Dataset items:

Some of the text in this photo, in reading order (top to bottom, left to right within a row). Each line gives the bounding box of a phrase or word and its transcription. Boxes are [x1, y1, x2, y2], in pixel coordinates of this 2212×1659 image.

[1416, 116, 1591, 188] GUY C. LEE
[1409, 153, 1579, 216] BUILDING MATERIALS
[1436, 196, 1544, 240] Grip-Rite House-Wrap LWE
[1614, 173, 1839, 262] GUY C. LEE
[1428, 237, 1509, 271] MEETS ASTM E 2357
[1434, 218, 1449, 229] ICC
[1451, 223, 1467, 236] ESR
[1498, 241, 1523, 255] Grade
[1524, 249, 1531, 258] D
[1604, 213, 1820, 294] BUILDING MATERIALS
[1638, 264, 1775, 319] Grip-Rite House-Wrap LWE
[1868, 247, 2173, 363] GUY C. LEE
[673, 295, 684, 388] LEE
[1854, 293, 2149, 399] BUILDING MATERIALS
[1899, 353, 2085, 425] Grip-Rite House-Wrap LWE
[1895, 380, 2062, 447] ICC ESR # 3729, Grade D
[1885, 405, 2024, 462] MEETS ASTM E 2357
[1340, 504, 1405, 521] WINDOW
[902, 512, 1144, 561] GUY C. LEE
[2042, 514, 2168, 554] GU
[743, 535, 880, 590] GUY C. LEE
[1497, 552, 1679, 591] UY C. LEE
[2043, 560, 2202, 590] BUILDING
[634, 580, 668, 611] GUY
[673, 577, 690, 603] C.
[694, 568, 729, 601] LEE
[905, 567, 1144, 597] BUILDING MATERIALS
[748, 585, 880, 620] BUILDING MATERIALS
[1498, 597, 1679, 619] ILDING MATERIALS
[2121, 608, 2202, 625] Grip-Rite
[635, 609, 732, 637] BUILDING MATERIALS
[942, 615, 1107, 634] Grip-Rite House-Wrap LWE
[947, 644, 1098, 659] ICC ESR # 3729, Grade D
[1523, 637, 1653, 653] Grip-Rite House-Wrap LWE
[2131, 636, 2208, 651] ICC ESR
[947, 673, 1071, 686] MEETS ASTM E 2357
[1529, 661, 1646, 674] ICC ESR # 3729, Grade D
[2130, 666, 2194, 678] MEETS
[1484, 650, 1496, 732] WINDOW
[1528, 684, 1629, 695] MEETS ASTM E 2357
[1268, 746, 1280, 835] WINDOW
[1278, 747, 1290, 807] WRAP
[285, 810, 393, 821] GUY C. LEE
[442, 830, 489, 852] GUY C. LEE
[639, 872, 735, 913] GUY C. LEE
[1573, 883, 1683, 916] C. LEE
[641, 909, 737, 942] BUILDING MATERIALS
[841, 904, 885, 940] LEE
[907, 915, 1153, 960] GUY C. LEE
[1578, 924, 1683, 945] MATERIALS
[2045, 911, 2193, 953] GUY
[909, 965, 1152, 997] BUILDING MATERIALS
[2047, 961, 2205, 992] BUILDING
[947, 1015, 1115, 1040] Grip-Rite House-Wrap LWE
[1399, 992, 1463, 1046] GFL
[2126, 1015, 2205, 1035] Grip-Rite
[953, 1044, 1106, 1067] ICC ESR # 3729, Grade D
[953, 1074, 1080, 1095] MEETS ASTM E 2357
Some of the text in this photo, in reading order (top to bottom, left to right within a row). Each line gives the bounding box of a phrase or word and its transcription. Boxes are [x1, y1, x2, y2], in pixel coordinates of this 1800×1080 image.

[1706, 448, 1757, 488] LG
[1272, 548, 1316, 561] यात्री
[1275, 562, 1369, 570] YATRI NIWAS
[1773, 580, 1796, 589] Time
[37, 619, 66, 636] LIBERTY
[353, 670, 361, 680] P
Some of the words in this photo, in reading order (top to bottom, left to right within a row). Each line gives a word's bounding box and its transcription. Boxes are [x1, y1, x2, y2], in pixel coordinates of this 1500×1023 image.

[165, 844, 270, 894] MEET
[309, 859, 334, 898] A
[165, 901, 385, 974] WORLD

§ **ABOUT THIS EXERCISE**:
From the first line to the last, copy the records exactly as they appear above.

§ **RESULT OF THE EXERCISE**:
Some of the text in this photo, in reading order (top to bottom, left to right within a row). Each line gives the bounding box of a phrase or word and its transcription. Boxes are [x1, y1, x2, y2], in pixel coordinates of this 2212×1659 image.

[1416, 116, 1591, 188] GUY C. LEE
[1409, 153, 1579, 216] BUILDING MATERIALS
[1436, 196, 1544, 240] Grip-Rite House-Wrap LWE
[1614, 173, 1839, 262] GUY C. LEE
[1428, 237, 1509, 271] MEETS ASTM E 2357
[1434, 218, 1449, 229] ICC
[1451, 223, 1467, 236] ESR
[1498, 241, 1523, 255] Grade
[1524, 249, 1531, 258] D
[1604, 213, 1820, 294] BUILDING MATERIALS
[1638, 264, 1775, 319] Grip-Rite House-Wrap LWE
[1868, 247, 2173, 363] GUY C. LEE
[673, 295, 684, 388] LEE
[1854, 293, 2149, 399] BUILDING MATERIALS
[1899, 353, 2085, 425] Grip-Rite House-Wrap LWE
[1895, 380, 2062, 447] ICC ESR # 3729, Grade D
[1885, 405, 2024, 462] MEETS ASTM E 2357
[1340, 504, 1405, 521] WINDOW
[902, 512, 1144, 561] GUY C. LEE
[2042, 514, 2168, 554] GU
[743, 535, 880, 590] GUY C. LEE
[1497, 552, 1679, 591] UY C. LEE
[2043, 560, 2202, 590] BUILDING
[634, 580, 668, 611] GUY
[673, 577, 690, 603] C.
[694, 568, 729, 601] LEE
[905, 567, 1144, 597] BUILDING MATERIALS
[748, 585, 880, 620] BUILDING MATERIALS
[1498, 597, 1679, 619] ILDING MATERIALS
[2121, 608, 2202, 625] Grip-Rite
[635, 609, 732, 637] BUILDING MATERIALS
[942, 615, 1107, 634] Grip-Rite House-Wrap LWE
[947, 644, 1098, 659] ICC ESR # 3729, Grade D
[1523, 637, 1653, 653] Grip-Rite House-Wrap LWE
[2131, 636, 2208, 651] ICC ESR
[947, 673, 1071, 686] MEETS ASTM E 2357
[1529, 661, 1646, 674] ICC ESR # 3729, Grade D
[2130, 666, 2194, 678] MEETS
[1484, 650, 1496, 732] WINDOW
[1528, 684, 1629, 695] MEETS ASTM E 2357
[1268, 746, 1280, 835] WINDOW
[1278, 747, 1290, 807] WRAP
[285, 810, 393, 821] GUY C. LEE
[442, 830, 489, 852] GUY C. LEE
[639, 872, 735, 913] GUY C. LEE
[1573, 883, 1683, 916] C. LEE
[641, 909, 737, 942] BUILDING MATERIALS
[841, 904, 885, 940] LEE
[907, 915, 1153, 960] GUY C. LEE
[1578, 924, 1683, 945] MATERIALS
[2045, 911, 2193, 953] GUY
[909, 965, 1152, 997] BUILDING MATERIALS
[2047, 961, 2205, 992] BUILDING
[947, 1015, 1115, 1040] Grip-Rite House-Wrap LWE
[1399, 992, 1463, 1046] GFL
[2126, 1015, 2205, 1035] Grip-Rite
[953, 1044, 1106, 1067] ICC ESR # 3729, Grade D
[953, 1074, 1080, 1095] MEETS ASTM E 2357
Some of the text in this photo, in reading order (top to bottom, left to right within a row). Each line gives the bounding box of a phrase or word and its transcription. Boxes are [x1, y1, x2, y2], in pixel coordinates of this 1800×1080 image.

[1706, 448, 1757, 488] LG
[1272, 548, 1316, 561] यात्री
[1275, 562, 1369, 570] YATRI NIWAS
[1773, 580, 1796, 589] Time
[37, 619, 66, 636] LIBERTY
[353, 670, 361, 680] P
Some of the words in this photo, in reading order (top to bottom, left to right within a row). Each line gives a word's bounding box and its transcription. Boxes are [x1, y1, x2, y2], in pixel coordinates of this 1500×1023 image.

[165, 844, 270, 894] MEET
[309, 859, 334, 898] A
[165, 901, 385, 974] WORLD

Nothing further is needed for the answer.